(Beginning of Data for analysis)

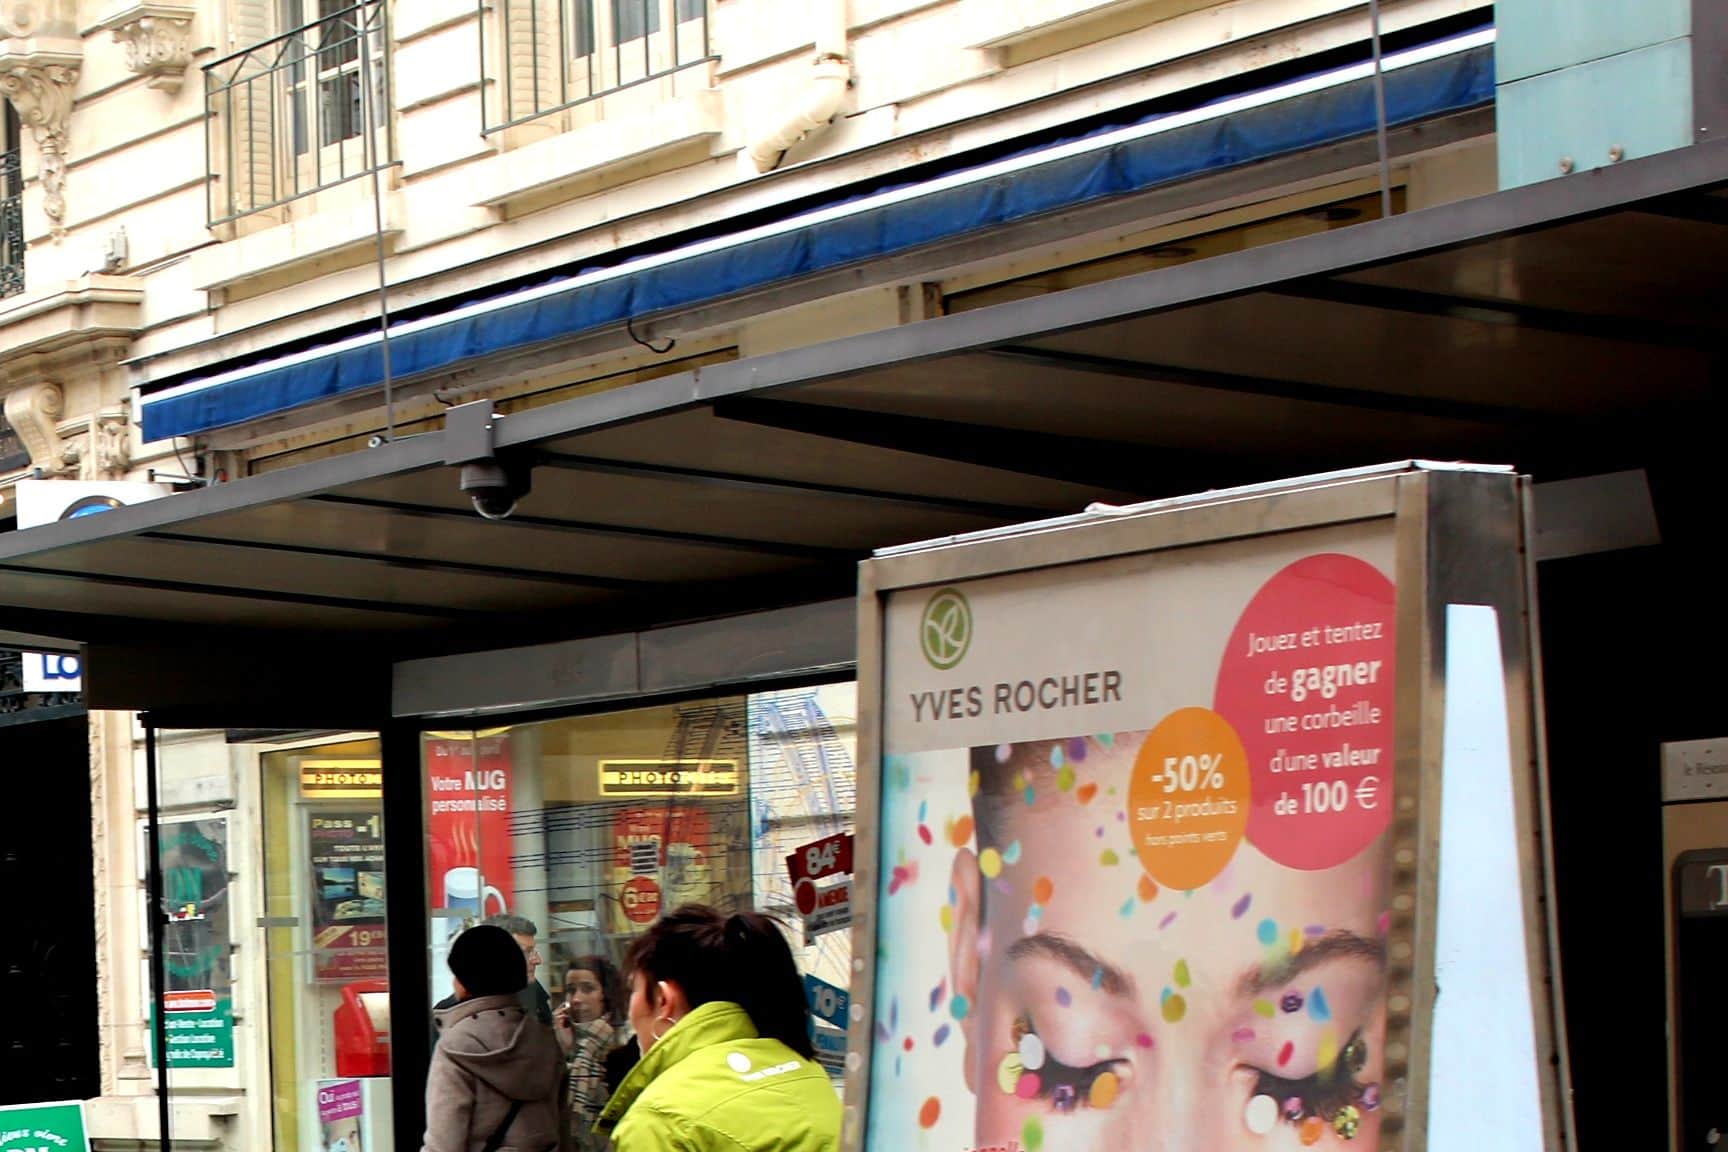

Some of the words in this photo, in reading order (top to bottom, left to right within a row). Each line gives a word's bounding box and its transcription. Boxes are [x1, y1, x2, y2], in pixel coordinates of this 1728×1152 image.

[1301, 626, 1321, 648] et
[1324, 621, 1383, 645] tentez
[909, 685, 983, 723] YVES
[994, 670, 1123, 715] ROCHER
[1263, 670, 1288, 695] de
[1290, 660, 1383, 702] gagner
[1264, 716, 1298, 735] une
[1300, 700, 1382, 732] corbeille
[1151, 752, 1225, 794] -50%
[1269, 748, 1318, 774] d'une
[1321, 743, 1383, 769] valeur
[315, 773, 369, 786] PHOTO
[431, 775, 463, 792] Votre
[464, 769, 507, 791] MUG
[1274, 792, 1299, 816] de
[1301, 779, 1348, 814] 100
[1354, 775, 1381, 810] €
[1136, 806, 1160, 822] sur
[1161, 800, 1172, 819] 2
[1174, 796, 1238, 825] produits
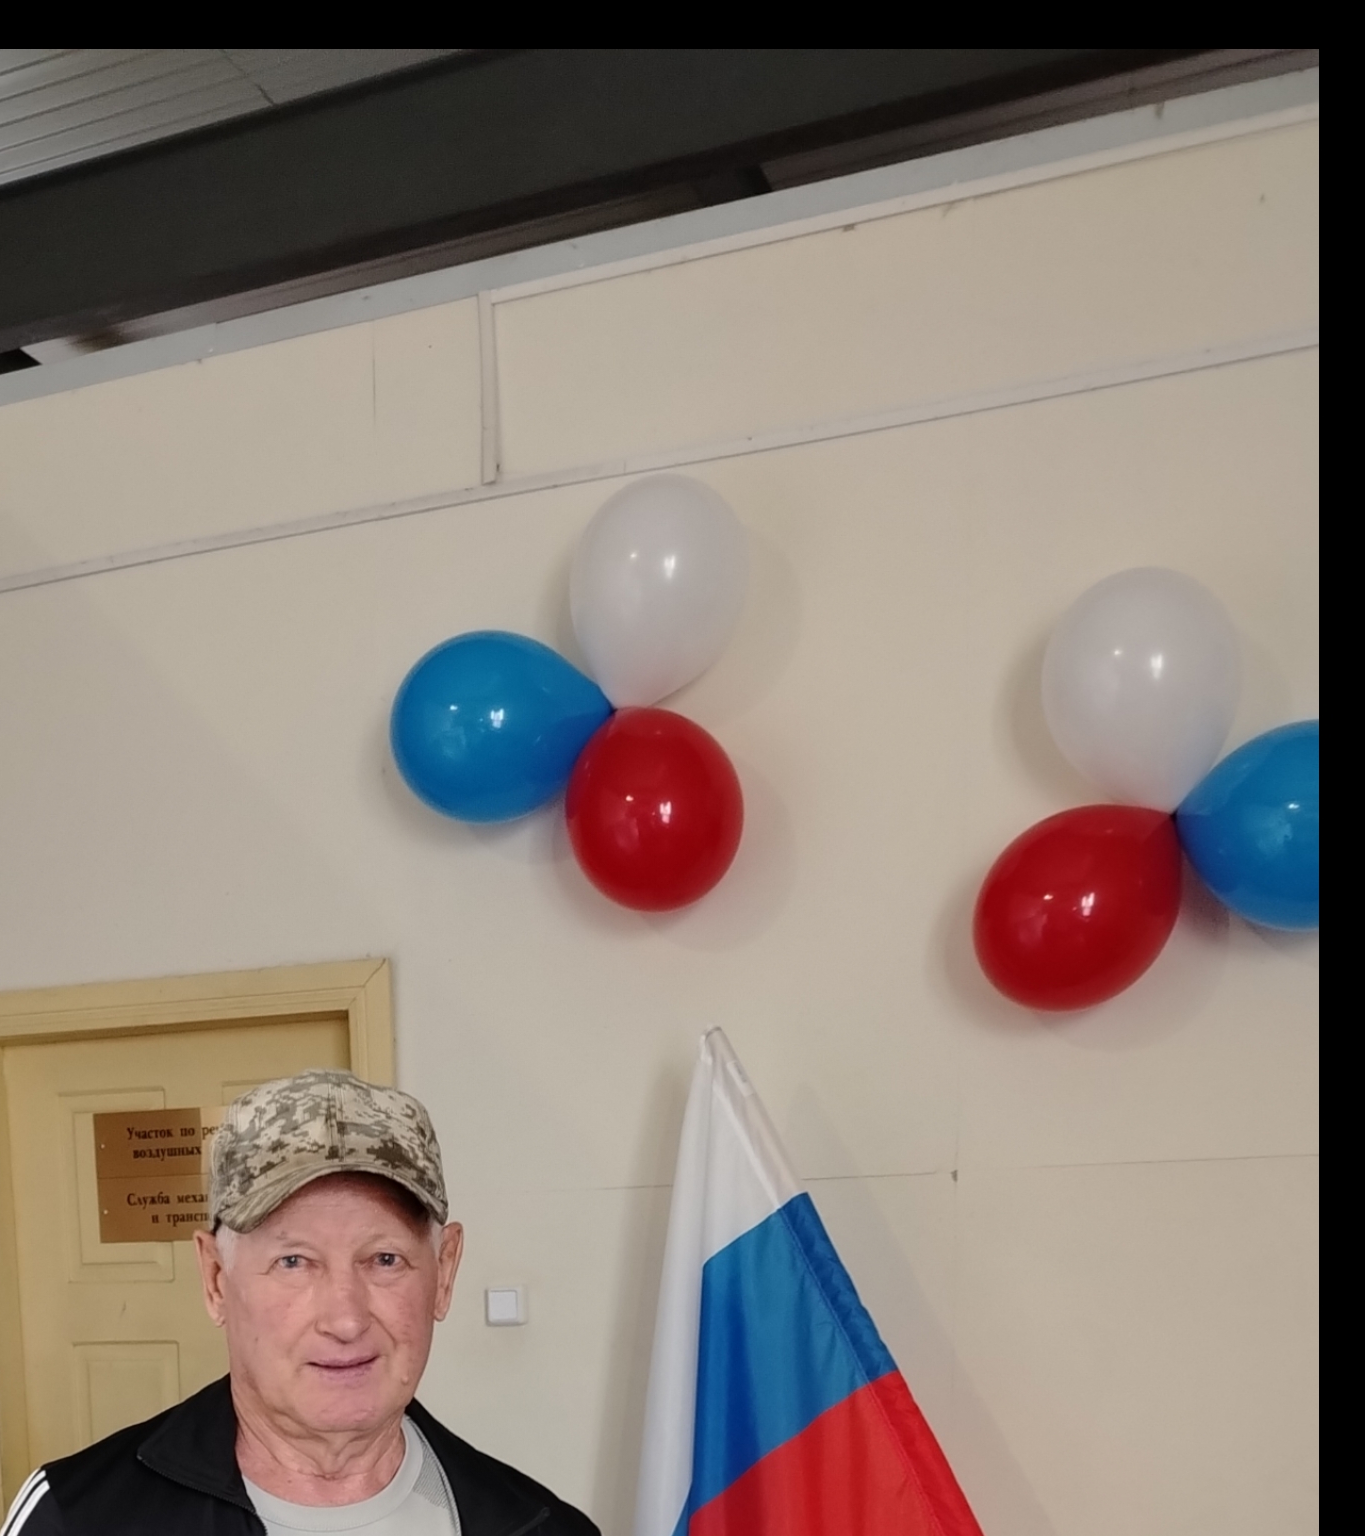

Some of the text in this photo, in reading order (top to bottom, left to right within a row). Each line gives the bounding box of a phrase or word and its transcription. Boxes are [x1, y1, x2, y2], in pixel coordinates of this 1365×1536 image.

[127, 1127, 174, 1140] Участок
[180, 1127, 195, 1137] по
[133, 1146, 202, 1161] воздушных
[127, 1191, 171, 1210] Служба
[151, 1214, 159, 1223] и

(End of Data for analysis)

Task prompt: Please write the data out again exactly, but do not carry over the pictures.

Exercise output:
Some of the words in this photo, in reading order (top to bottom, left to right within a row). Each line gives a word's bounding box and its transcription. Boxes are [x1, y1, x2, y2], in pixel coordinates of this 1728×1152 image.

[1301, 626, 1321, 648] et
[1324, 621, 1383, 645] tentez
[909, 685, 983, 723] YVES
[994, 670, 1123, 715] ROCHER
[1263, 670, 1288, 695] de
[1290, 660, 1383, 702] gagner
[1264, 716, 1298, 735] une
[1300, 700, 1382, 732] corbeille
[1151, 752, 1225, 794] -50%
[1269, 748, 1318, 774] d'une
[1321, 743, 1383, 769] valeur
[315, 773, 369, 786] PHOTO
[431, 775, 463, 792] Votre
[464, 769, 507, 791] MUG
[1274, 792, 1299, 816] de
[1301, 779, 1348, 814] 100
[1354, 775, 1381, 810] €
[1136, 806, 1160, 822] sur
[1161, 800, 1172, 819] 2
[1174, 796, 1238, 825] produits

Some of the text in this photo, in reading order (top to bottom, left to right within a row). Each line gives the bounding box of a phrase or word and its transcription. Boxes are [x1, y1, x2, y2], in pixel coordinates of this 1365×1536 image.

[127, 1127, 174, 1140] Участок
[180, 1127, 195, 1137] по
[133, 1146, 202, 1161] воздушных
[127, 1191, 171, 1210] Служба
[151, 1214, 159, 1223] и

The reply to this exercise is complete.